Indy reprit le dossier de Von Croy et le parcourut rapidement. Il en sortit
une nouvelle feuille jaunie sur laquelle je trouvais un schéma annoté.
- Et voilà la composition de la laisse, fit-il.
- Tu penses sérieusement que c'est à nous de faire une corde magique,
d'aller dans la grotte au Pôle et de rattacher un loup monstrueux et
mythologique ?
- Tu as raison, il vaut mieux prévenir l'armée. Ou le MI-6. La CIA.
- OK, arrête avec tes sarcasmes. Je t'écoute.
- Il nous faut le pas silencieux d'un chat, la barbe d'une femme, la racine
d'une montagne, les tendons d'un ours, le souffle d'un poisson et la salive
d'un oiseau.
- Ainsi que des artisans nains, donc.
- Voilà. Simple, non ?
- Ce sont peut-être des métaphores. Des énigmes...
Indy soupira : il semblait assez abattu. Lara décida de changer de sujet.
- Il nous reste le lien avec la pointe de lance, et avec le meurtre de
Robson.
- A l'instar de Thor et de son marteau, Odin avait toujours avec lui une
lance divine, qui ne ratait jamais sa cible.
- Ce machin est la pointe de la lance divine du chef des Dieux scandinaves ?
fit Lara en montrant la photo.
Indy acquiesça d'un hochement de tête.
- Je voyais ça plus grand et plus beau, continua-t-elle.
Son ami eut un petit rire.
- Il faut se méfier des apparences, sourit-il. Tu sais à quoi ressemble le
vrai Graal ?
- Oui, je sais. Donc, c'est la pointe de la lance d'Odin. Et qu'en dit Von
Croy ?
- J'ai trouvé une note à ce propos : quiconque possède la Lance et est
pourvu d'un coeur pur pourra pénétrer dans le Sanctuaire des Dieux.
- Donc ça sert à entrer en Asgard.
- Oui.
- Pourquoi vouloir absolument y entrer, au point de tuer ? Et quel rapport
avec Fenryr ?
- C'est ce qu'on doit découvrir. Je vais rester là et faire les recherches...

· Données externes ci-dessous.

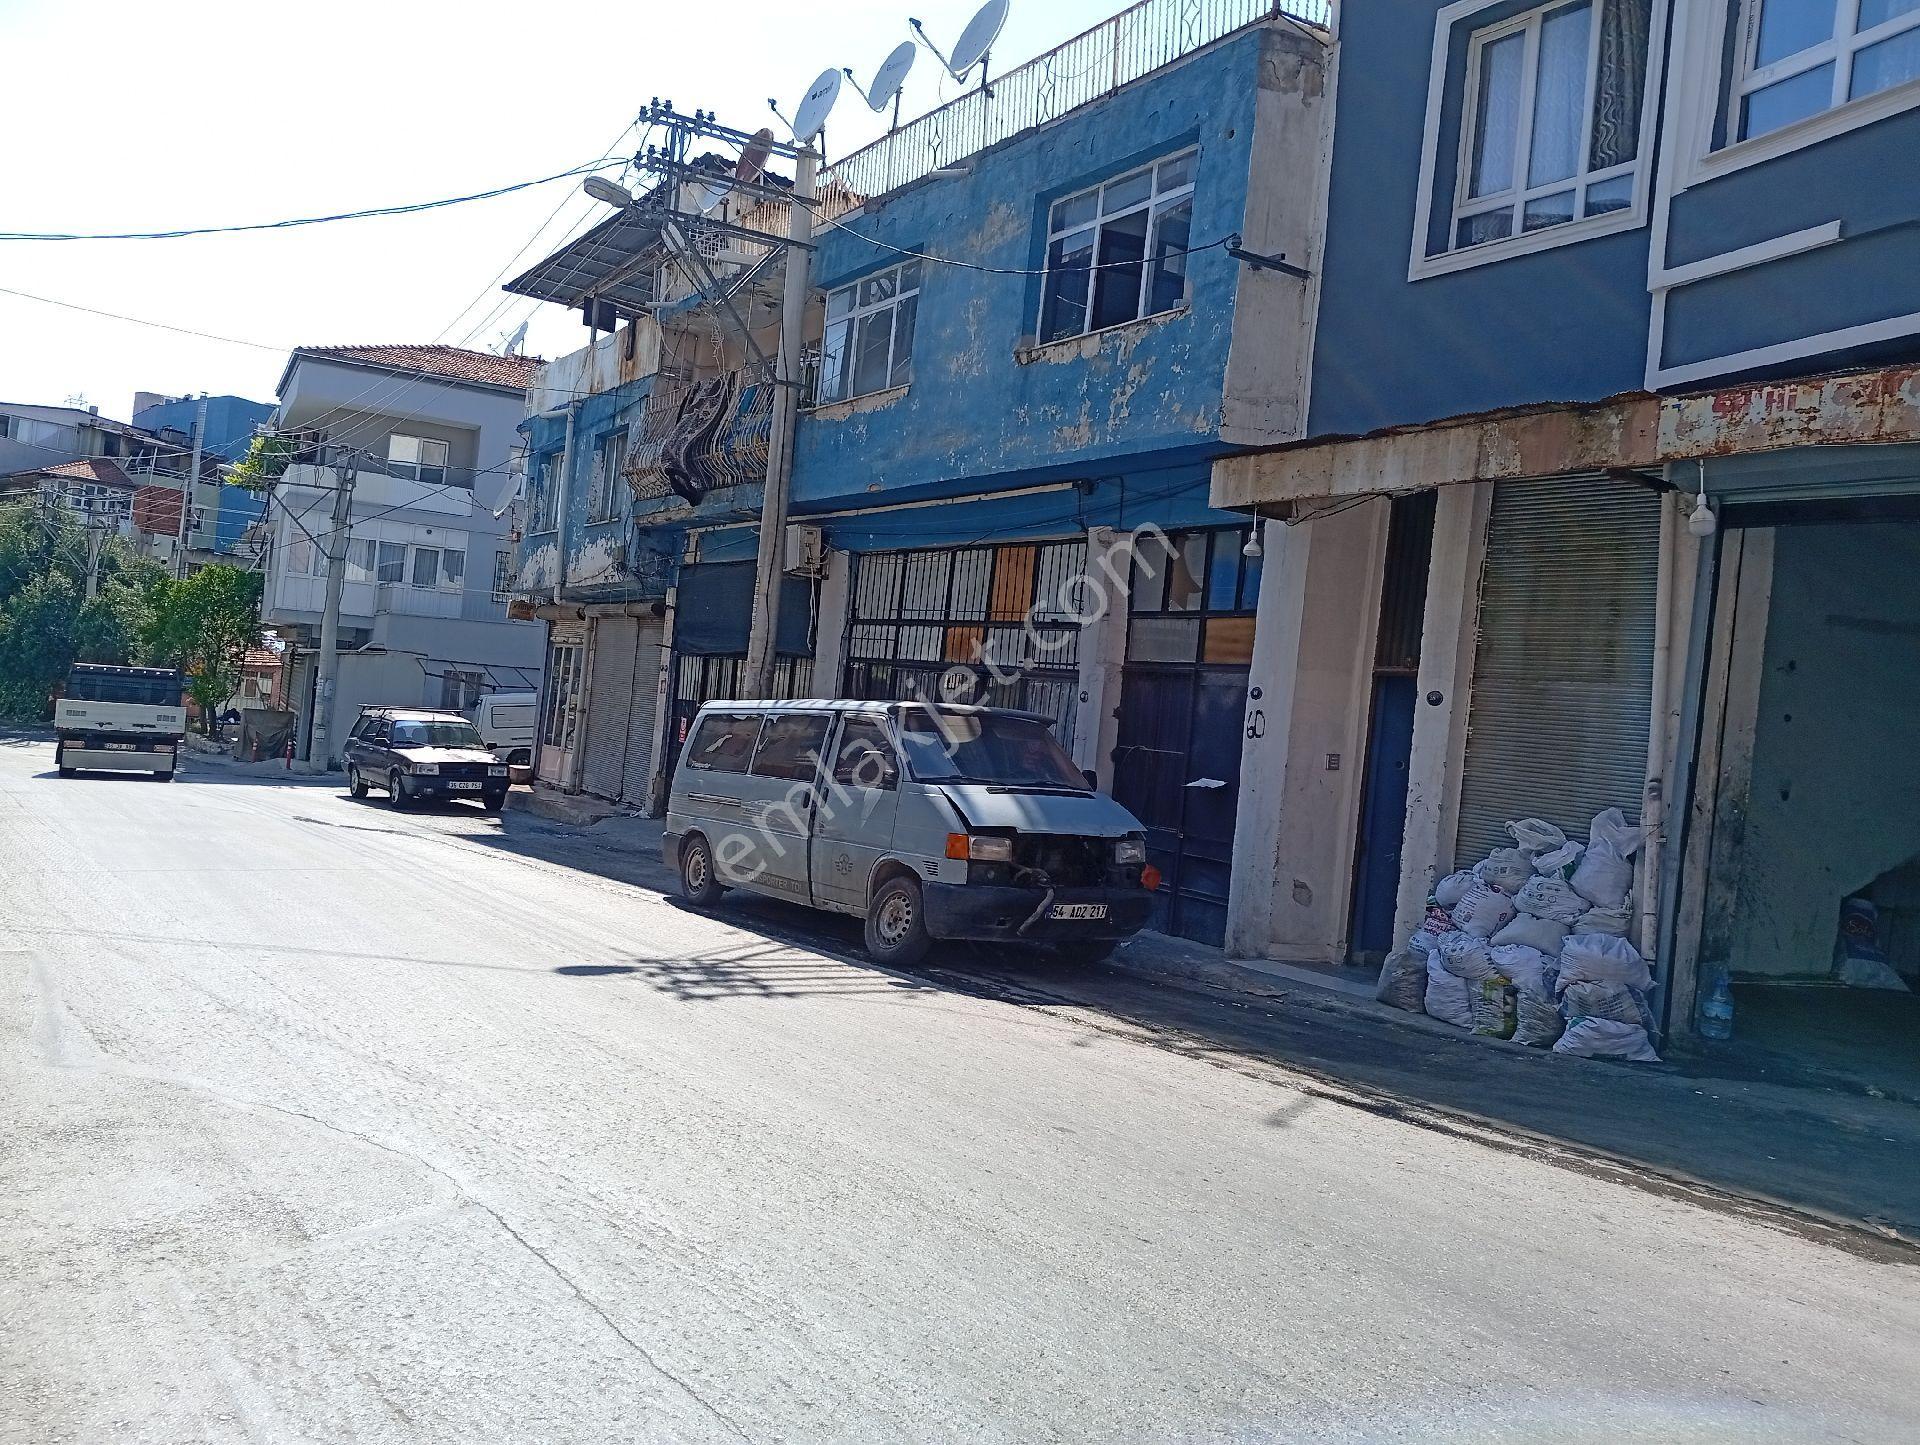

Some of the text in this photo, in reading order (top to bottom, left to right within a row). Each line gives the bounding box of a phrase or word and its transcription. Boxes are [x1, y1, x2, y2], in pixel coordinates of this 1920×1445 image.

[1052, 905, 1107, 918] 54 ADZ 217

théoriques. Je suis trop vieux pour courir, maintenant.
- Ca va, t'es carrément mignon pour ton âge !
- Merci, c'est vrai que ça m'a permis de voir un tatouage improbable !
- Bon, et moi, je vais où ? enchaîna Lara en rougissant.
- Tu as le choix : tu récupères la pointe de la lance, ou tu trouves la
hampe.
- Et je n'ai qu'une seule piste : le meurtrier de Robson.
- J'allais le dire.
Lara soupira, puis embrassa Indy du bout des lèvres. Elle quitta le bureau,
confortée par l'idée qu'elle avait quelque chose de solide à se mettre sous
la dent : trouver le meurtrier de Robson. Enquêter. A Londres.